Pickerel Pond Preserve consists of 78 hectares (191 acres) of marshland and lowland forest, adjacent to Maquapit Lake in Queen’s County.
Historically, the area was known as Estabrooks Farm which was in operation until the middle of the last century. This farm produced some of the earliest vegetables in the area because of the relatively mild climate and gravelly soils. Remnants of the farm can be seen in the split rail fences which are still visable in the regenerating birch and aspen forest.
This preserve was donated to the Nature Trust in 1993 by nine anonymous donors.

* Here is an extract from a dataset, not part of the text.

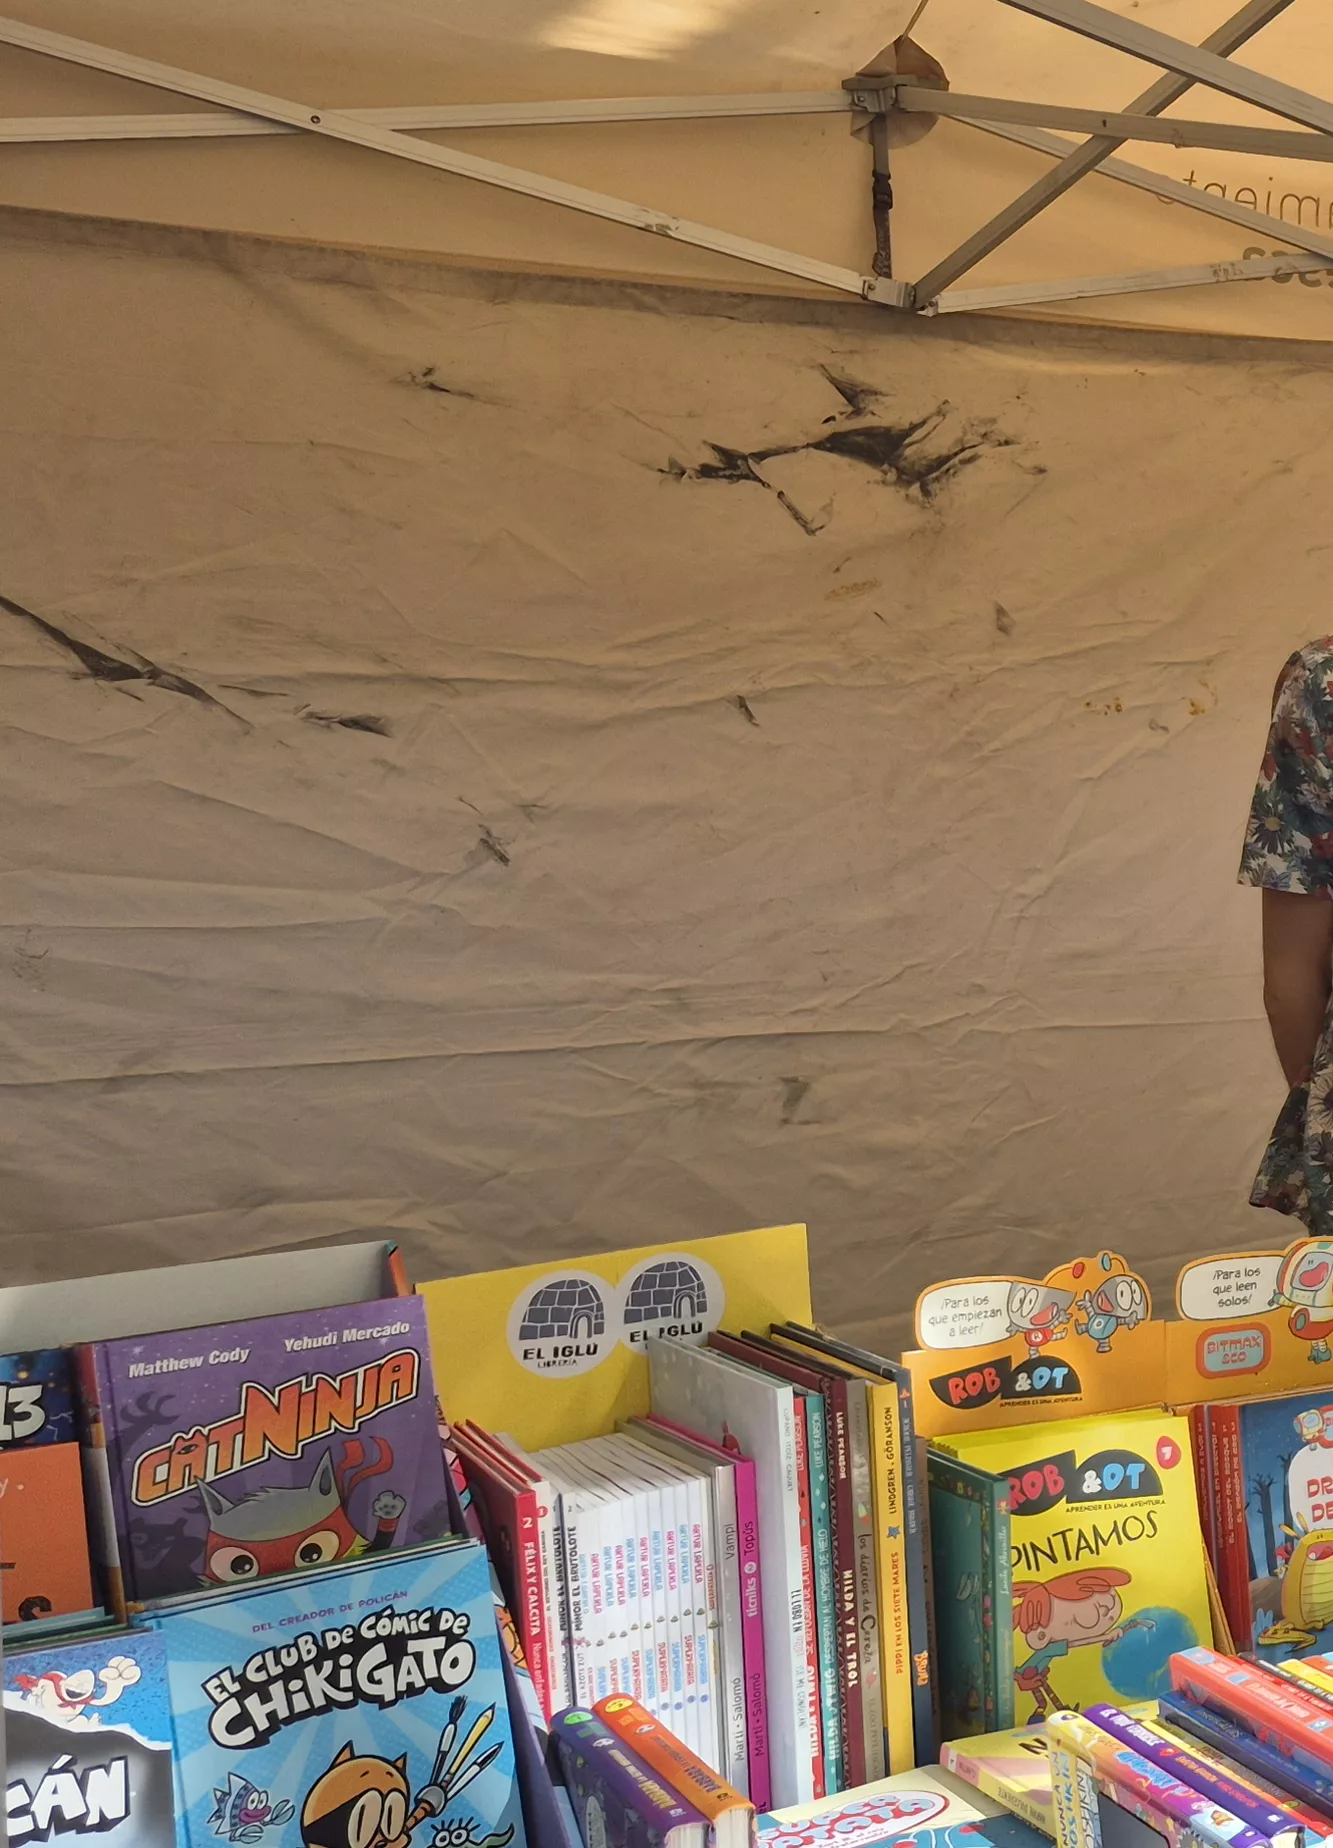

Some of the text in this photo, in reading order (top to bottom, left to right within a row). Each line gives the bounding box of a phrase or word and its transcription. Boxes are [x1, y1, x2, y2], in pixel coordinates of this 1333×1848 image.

The features of this preserve include the outstanding biodiversity and the complex ecology which consists of three distinct ecosystems. The first is a sandspit (a raised sand and gravel bank) penetrated at one point by a 20ft wide channel between a keyhole lake and Maquapit Lake. Next, there is a marsh with a gradation of plants, situated dependent on the moisture of the ground. The marsh grades gradually into a lowland forest. Finally, the forest area shows mass diversity, consisting of relatively undisturbed areas and of bush land growing on abandoned fields.
The species are characteristic of the lakes region of Southern New Brunswick. The mossy-cup oak, the swamp milkweed, and rare sedges as well as the rare halberd-leaved tear thumb are all present. The site is on a major bird migration route where black ducks and Canada geese frequent the pond. The marsh and pond provide favourable habitat for the amphibian population. The Nature Trust has carried out a careful field survey of this site including mapping, transects, and ecological zone descriptions, with a listing of plant species, some animal species, and photographs.
Access and Activities
The property may be accessed by boat from the causeway on Route 690 which has public access. Walking along the beach is permitted but walking in other areas is not suitable. ATVs should not be used on the beach or other parts of the preserve.
*The property is undeveloped and there are a variety of hazards and risks associated with accessing this preserve. While this nature preserve is open for public access, visitors must assume responsibility for their own actions and safety and are to use the land at their own risk.